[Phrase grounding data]

%%

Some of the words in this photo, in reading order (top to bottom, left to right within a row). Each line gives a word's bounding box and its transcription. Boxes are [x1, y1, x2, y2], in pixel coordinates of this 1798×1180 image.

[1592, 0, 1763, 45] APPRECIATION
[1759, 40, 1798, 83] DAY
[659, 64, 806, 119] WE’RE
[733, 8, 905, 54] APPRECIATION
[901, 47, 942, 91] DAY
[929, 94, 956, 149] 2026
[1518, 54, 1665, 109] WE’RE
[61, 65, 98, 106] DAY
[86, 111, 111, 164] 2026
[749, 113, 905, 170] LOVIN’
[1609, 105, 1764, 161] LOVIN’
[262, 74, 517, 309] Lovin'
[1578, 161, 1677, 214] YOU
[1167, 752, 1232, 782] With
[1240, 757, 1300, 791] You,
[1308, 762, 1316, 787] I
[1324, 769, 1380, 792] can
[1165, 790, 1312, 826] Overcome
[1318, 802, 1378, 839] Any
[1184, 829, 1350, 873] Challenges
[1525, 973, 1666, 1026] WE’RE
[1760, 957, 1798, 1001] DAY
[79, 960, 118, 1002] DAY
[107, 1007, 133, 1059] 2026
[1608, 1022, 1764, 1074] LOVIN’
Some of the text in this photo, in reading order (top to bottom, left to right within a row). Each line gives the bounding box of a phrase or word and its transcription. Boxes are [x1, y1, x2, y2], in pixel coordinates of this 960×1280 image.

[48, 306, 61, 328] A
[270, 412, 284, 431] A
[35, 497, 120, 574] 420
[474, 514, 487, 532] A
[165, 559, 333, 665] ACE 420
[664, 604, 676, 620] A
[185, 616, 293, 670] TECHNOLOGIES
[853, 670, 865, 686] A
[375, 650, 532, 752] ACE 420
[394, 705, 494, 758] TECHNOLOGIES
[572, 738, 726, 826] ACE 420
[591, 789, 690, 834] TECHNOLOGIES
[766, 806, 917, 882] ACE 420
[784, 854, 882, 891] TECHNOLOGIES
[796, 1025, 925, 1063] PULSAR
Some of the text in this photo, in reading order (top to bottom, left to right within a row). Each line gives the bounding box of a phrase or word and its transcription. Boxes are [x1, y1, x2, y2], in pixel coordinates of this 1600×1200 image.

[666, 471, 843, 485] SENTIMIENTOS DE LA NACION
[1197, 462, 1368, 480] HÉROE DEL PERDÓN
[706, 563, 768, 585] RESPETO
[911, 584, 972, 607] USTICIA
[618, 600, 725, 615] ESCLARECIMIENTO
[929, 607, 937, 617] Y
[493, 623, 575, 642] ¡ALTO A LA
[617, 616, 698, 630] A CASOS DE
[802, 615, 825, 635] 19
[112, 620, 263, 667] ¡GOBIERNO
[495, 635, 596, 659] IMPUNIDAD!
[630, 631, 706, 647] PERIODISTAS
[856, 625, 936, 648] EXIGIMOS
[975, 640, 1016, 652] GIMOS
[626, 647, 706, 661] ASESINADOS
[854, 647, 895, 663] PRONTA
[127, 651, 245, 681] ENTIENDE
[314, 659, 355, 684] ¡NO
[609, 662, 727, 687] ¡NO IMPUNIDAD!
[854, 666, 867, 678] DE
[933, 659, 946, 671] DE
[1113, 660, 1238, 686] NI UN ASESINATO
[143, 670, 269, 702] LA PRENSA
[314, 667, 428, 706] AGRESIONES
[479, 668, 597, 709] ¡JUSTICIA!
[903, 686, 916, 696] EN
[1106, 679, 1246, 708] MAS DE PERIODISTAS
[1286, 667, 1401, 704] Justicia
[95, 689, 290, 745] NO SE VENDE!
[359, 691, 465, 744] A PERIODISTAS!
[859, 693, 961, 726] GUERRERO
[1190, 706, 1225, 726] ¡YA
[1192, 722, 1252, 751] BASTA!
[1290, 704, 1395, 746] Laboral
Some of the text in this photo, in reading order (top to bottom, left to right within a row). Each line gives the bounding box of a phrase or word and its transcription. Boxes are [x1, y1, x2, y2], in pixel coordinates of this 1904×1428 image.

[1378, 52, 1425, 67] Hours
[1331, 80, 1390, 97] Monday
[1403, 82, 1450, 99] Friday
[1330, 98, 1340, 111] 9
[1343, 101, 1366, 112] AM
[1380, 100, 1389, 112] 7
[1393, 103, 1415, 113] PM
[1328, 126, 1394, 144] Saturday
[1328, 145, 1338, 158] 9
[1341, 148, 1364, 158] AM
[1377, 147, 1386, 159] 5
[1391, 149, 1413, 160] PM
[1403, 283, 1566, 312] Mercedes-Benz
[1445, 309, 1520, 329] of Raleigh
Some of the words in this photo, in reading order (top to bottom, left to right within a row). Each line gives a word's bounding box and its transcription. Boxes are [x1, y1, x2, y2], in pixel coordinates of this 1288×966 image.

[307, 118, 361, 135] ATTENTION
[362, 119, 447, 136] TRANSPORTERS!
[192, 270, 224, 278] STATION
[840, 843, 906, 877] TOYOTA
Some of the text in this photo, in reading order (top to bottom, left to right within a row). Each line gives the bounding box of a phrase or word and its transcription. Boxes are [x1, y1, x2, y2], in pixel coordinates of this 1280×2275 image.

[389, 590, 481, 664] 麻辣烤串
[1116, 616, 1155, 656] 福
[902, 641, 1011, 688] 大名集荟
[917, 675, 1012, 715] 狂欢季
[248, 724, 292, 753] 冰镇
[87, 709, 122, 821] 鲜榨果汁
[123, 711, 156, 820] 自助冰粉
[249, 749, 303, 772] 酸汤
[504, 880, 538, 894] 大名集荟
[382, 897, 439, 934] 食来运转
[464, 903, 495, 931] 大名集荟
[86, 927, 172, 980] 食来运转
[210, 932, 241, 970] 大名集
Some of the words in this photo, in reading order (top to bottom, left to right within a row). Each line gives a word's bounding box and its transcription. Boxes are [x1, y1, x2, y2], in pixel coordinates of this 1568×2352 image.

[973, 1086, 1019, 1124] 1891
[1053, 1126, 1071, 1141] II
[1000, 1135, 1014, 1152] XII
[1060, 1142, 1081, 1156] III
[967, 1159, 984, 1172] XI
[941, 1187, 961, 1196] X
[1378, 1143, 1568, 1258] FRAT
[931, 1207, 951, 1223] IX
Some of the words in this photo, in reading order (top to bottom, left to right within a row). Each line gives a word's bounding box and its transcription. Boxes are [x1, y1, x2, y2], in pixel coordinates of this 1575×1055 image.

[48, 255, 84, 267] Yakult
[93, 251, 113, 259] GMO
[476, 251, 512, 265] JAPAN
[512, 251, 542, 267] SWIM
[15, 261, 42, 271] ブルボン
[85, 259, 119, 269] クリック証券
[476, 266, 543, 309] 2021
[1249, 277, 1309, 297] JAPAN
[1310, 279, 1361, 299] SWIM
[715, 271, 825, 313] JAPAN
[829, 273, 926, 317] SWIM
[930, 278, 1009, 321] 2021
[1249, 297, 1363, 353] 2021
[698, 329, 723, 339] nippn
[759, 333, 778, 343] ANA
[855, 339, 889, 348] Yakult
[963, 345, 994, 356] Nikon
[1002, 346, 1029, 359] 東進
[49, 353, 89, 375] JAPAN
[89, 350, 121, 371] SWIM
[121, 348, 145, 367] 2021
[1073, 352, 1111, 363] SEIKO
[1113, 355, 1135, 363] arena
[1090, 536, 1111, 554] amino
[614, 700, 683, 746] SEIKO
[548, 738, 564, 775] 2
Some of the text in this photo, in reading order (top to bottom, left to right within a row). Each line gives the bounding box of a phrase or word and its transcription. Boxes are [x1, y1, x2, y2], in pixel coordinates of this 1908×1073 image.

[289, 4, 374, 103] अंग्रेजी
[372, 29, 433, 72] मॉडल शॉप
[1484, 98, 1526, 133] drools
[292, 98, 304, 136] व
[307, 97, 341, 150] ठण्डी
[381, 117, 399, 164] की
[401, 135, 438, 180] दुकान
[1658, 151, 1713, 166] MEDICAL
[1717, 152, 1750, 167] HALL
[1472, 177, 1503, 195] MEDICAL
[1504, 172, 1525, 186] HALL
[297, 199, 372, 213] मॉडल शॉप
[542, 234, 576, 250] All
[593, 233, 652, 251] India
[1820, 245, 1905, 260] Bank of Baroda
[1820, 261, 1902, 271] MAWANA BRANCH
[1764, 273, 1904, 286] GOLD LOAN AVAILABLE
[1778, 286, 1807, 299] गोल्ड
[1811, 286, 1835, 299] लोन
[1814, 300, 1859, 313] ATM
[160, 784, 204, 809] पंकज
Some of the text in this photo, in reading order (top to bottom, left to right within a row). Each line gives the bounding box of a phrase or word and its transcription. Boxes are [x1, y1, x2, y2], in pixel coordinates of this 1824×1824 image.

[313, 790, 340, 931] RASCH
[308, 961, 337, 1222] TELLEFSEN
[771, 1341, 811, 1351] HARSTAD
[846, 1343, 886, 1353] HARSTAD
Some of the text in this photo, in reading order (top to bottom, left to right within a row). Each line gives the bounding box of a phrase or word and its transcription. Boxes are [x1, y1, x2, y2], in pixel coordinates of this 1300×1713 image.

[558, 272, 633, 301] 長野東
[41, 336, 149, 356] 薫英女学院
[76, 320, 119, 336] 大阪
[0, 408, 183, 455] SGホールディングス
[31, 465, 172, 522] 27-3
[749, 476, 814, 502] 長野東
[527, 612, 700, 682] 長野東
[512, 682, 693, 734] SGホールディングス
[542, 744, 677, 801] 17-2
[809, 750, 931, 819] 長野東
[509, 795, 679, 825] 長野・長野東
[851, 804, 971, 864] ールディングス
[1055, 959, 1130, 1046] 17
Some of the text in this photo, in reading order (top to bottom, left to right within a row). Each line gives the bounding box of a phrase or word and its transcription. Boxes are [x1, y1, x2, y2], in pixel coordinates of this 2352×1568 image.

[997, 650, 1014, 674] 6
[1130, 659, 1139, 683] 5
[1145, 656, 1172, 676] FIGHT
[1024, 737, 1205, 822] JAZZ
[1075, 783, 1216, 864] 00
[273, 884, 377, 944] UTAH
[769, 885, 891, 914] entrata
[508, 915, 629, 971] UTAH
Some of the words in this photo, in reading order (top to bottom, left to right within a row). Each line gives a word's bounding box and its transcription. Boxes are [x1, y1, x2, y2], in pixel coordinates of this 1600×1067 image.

%%

◆ TASK STATEMENT ◆
The answer should consist only of the lines from the one containing "this 1300×1713 image." through the last line of the data, given again exactly.

◆ SOLUTION ◆
Some of the text in this photo, in reading order (top to bottom, left to right within a row). Each line gives the bounding box of a phrase or word and its transcription. Boxes are [x1, y1, x2, y2], in pixel coordinates of this 1300×1713 image.

[558, 272, 633, 301] 長野東
[41, 336, 149, 356] 薫英女学院
[76, 320, 119, 336] 大阪
[0, 408, 183, 455] SGホールディングス
[31, 465, 172, 522] 27-3
[749, 476, 814, 502] 長野東
[527, 612, 700, 682] 長野東
[512, 682, 693, 734] SGホールディングス
[542, 744, 677, 801] 17-2
[809, 750, 931, 819] 長野東
[509, 795, 679, 825] 長野・長野東
[851, 804, 971, 864] ールディングス
[1055, 959, 1130, 1046] 17
Some of the text in this photo, in reading order (top to bottom, left to right within a row). Each line gives the bounding box of a phrase or word and its transcription. Boxes are [x1, y1, x2, y2], in pixel coordinates of this 2352×1568 image.

[997, 650, 1014, 674] 6
[1130, 659, 1139, 683] 5
[1145, 656, 1172, 676] FIGHT
[1024, 737, 1205, 822] JAZZ
[1075, 783, 1216, 864] 00
[273, 884, 377, 944] UTAH
[769, 885, 891, 914] entrata
[508, 915, 629, 971] UTAH
Some of the words in this photo, in reading order (top to bottom, left to right within a row). Each line gives a word's bounding box and its transcription. Boxes are [x1, y1, x2, y2], in pixel coordinates of this 1600×1067 image.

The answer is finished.